Un trabajador de 25 años fue detenido tras ser señalado por el exalcalde de Tlalnepantla, Ángel Estrada Rubio, por la presunta sustracción de una cartera. Sin embargo, el propio informe policial reconoce que no existió flagrancia ni evidencia directa del robo, por lo que el caso concluyó sin imputación penal y fue canalizado únicamente como una falta administrativa.

De acuerdo con el parte informativo emitido por la Policía Estatal, los hechos ocurrieron la mañana del 7 de enero de 2026, cuando los elementos acudieron a un domicilio particular tras el reporte de una discusión entre el exalcalde y su trabajador.

El señalamiento inicial fue que la cartera del denunciante había desaparecido y que el único que había utilizado la camioneta donde presuntamente se encontraba era el trabajador.

Durante la intervención policial, se realizó una revisión preventiva al señalado sin que se localizara la cartera. A pesar de ello, el exalcalde manifestó su intención de proceder legalmente y afirmó contar con un video que, según su versión, acreditaba el robo.

Posteriormente, la cartera fue localizada en las inmediaciones de una barranca, lo que derivó en la detención del trabajador y su traslado a instalaciones de seguridad para la puesta a disposición.

Ya en sede oficial, el denunciante presentó el material videográfico ante las autoridades. El propio informe policial consigna que dicho video no muestra de manera clara que el detenido tome la cartera.

Ante esta circunstancia, las autoridades determinaron que no existía flagrancia ni señalamiento directo verificable que permitiera sostener una imputación penal.

Derivado de lo anterior, la autoridad resolvió no presentar al detenido ante el Ministerio Público.

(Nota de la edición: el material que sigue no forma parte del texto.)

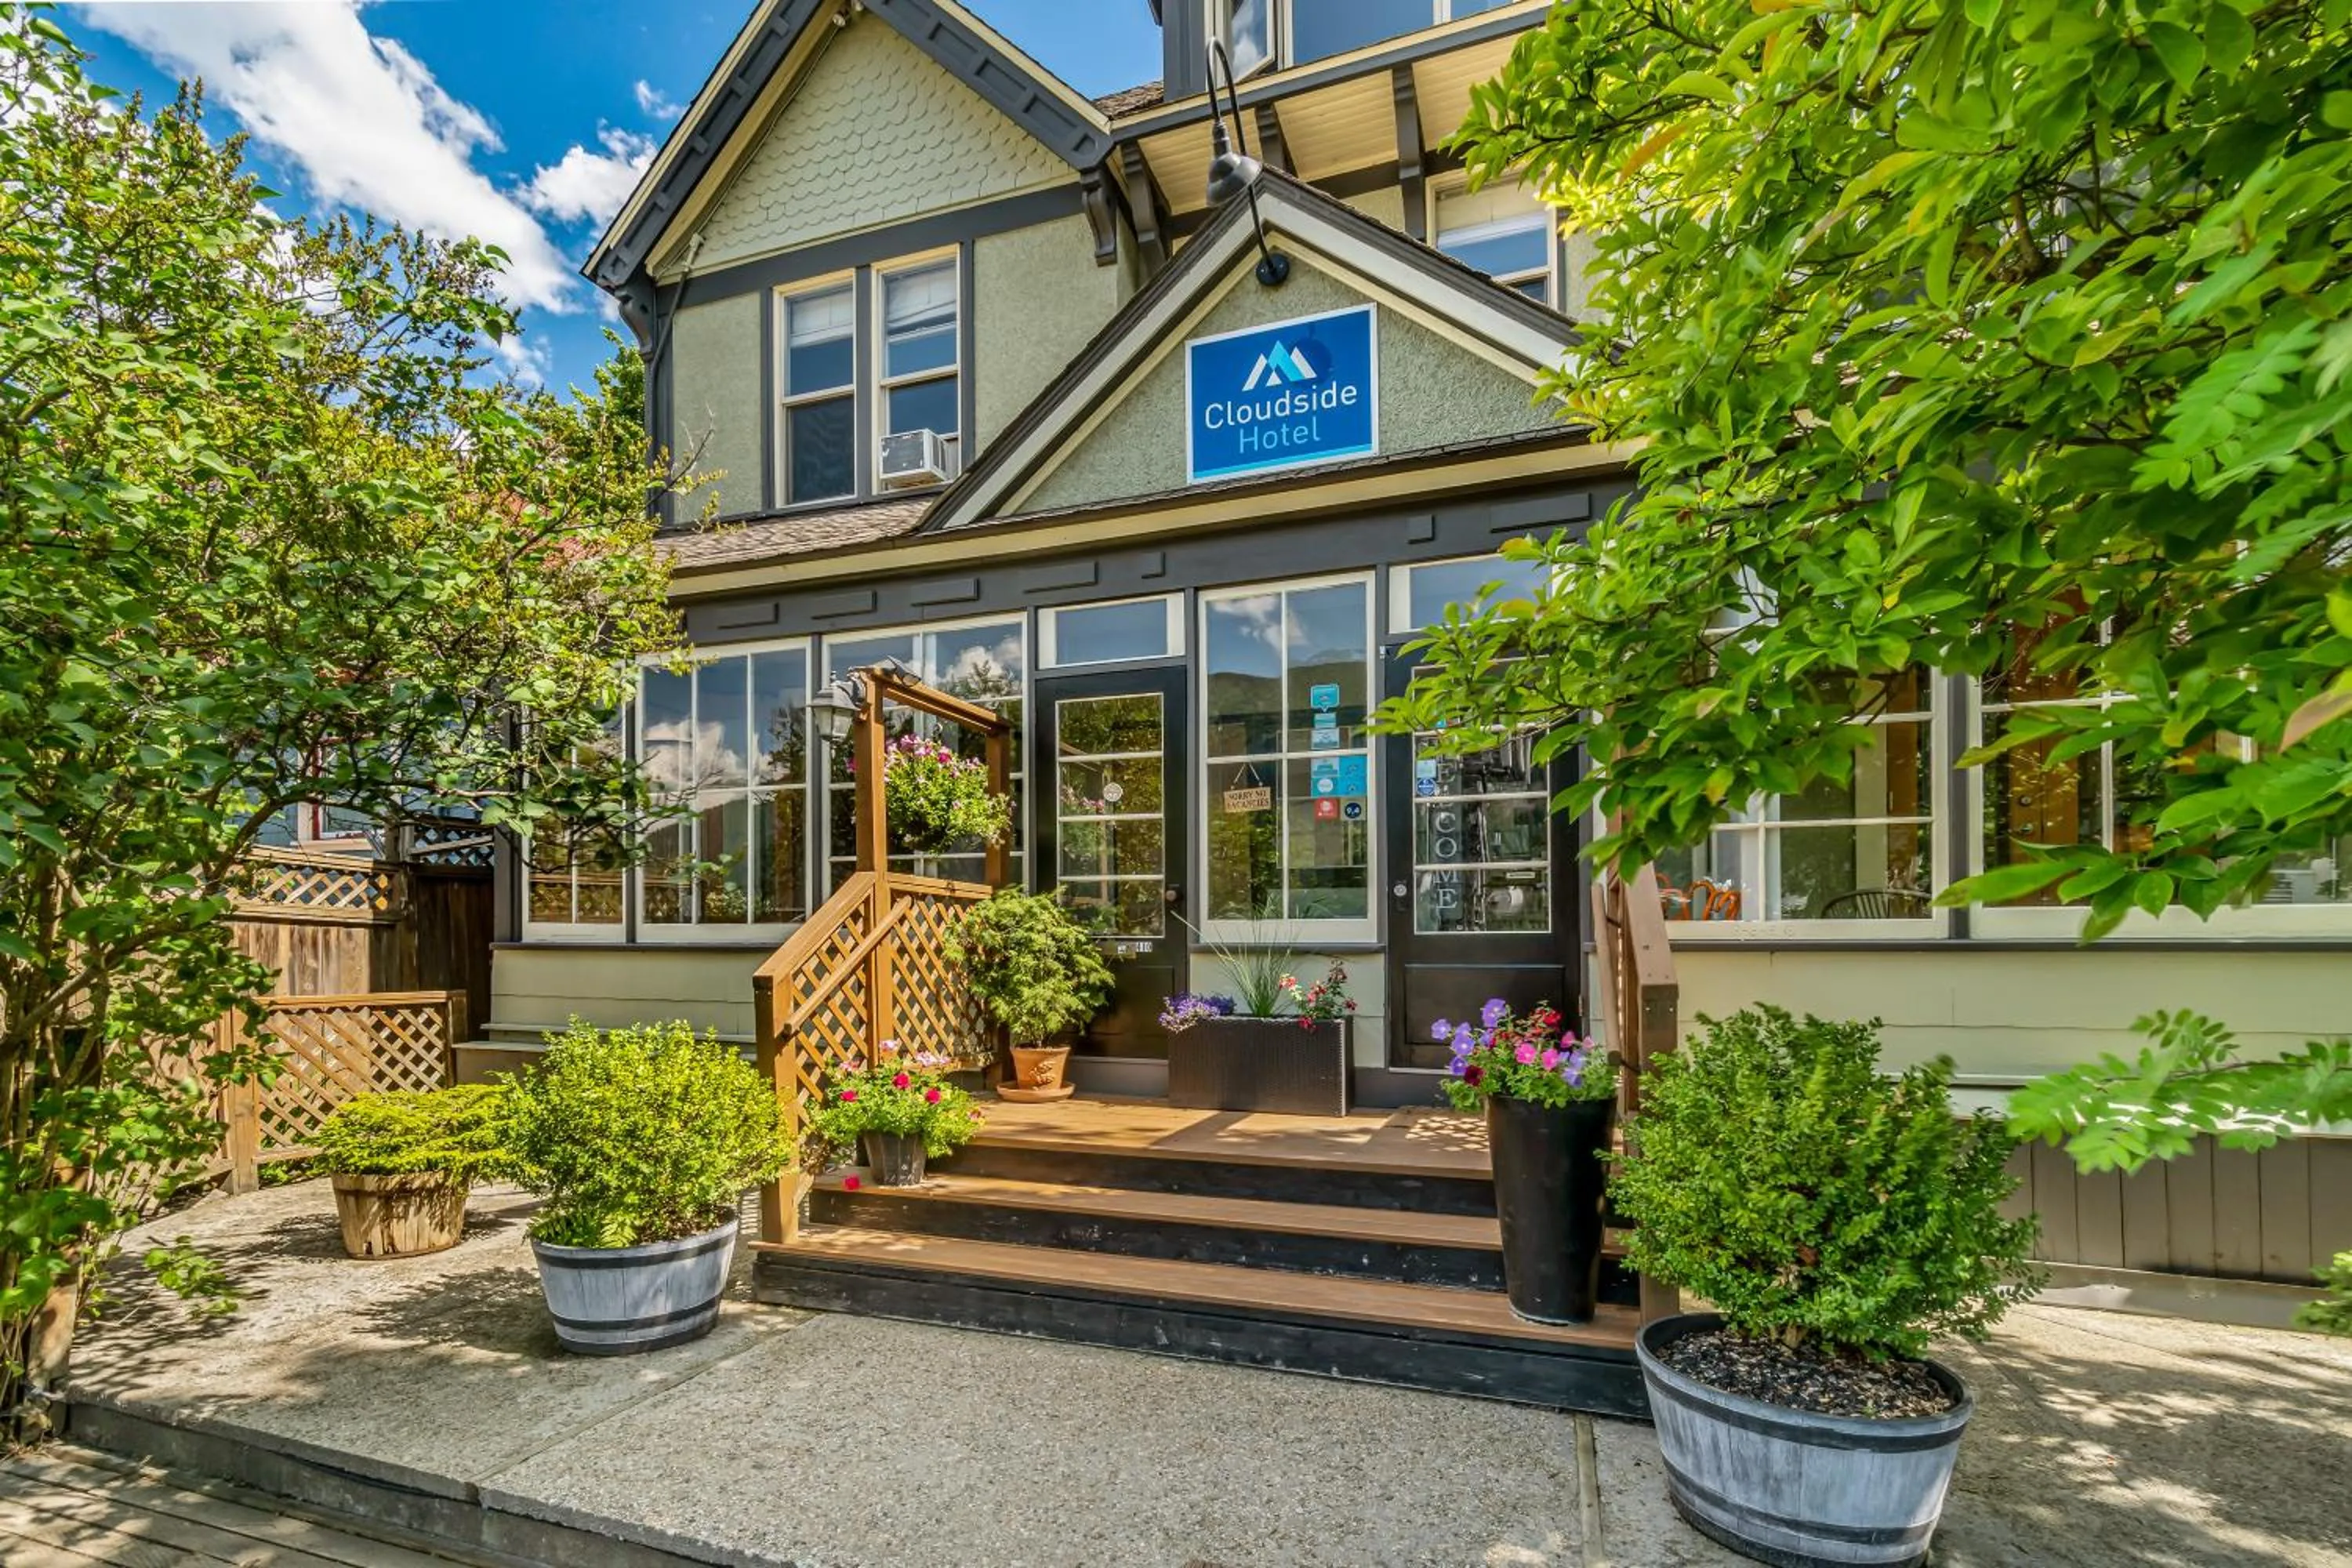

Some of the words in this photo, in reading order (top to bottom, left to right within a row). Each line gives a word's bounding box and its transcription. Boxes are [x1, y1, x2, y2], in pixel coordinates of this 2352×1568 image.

El caso fue reclasificado y turnado ante un juez cívico exclusivamente por una falta administrativa relacionada con alteración al orden.

El trabajador fue certificado médicamente y presentado ante la autoridad cívica sin que se reportaran lesiones ni cargos penales en su contra.

El caso documenta los límites legales de la actuación policial frente a acusaciones que no logran acreditarse con pruebas directas.

El propio reporte oficial establece que, aun tratándose de un señalamiento formulado por un exalcalde, la ausencia de flagrancia y de evidencia impide sostener un delito, reafirmando la vigencia de la presunción de inocencia y del debido proceso en conflictos que se originan en el ámbito privado y laboral.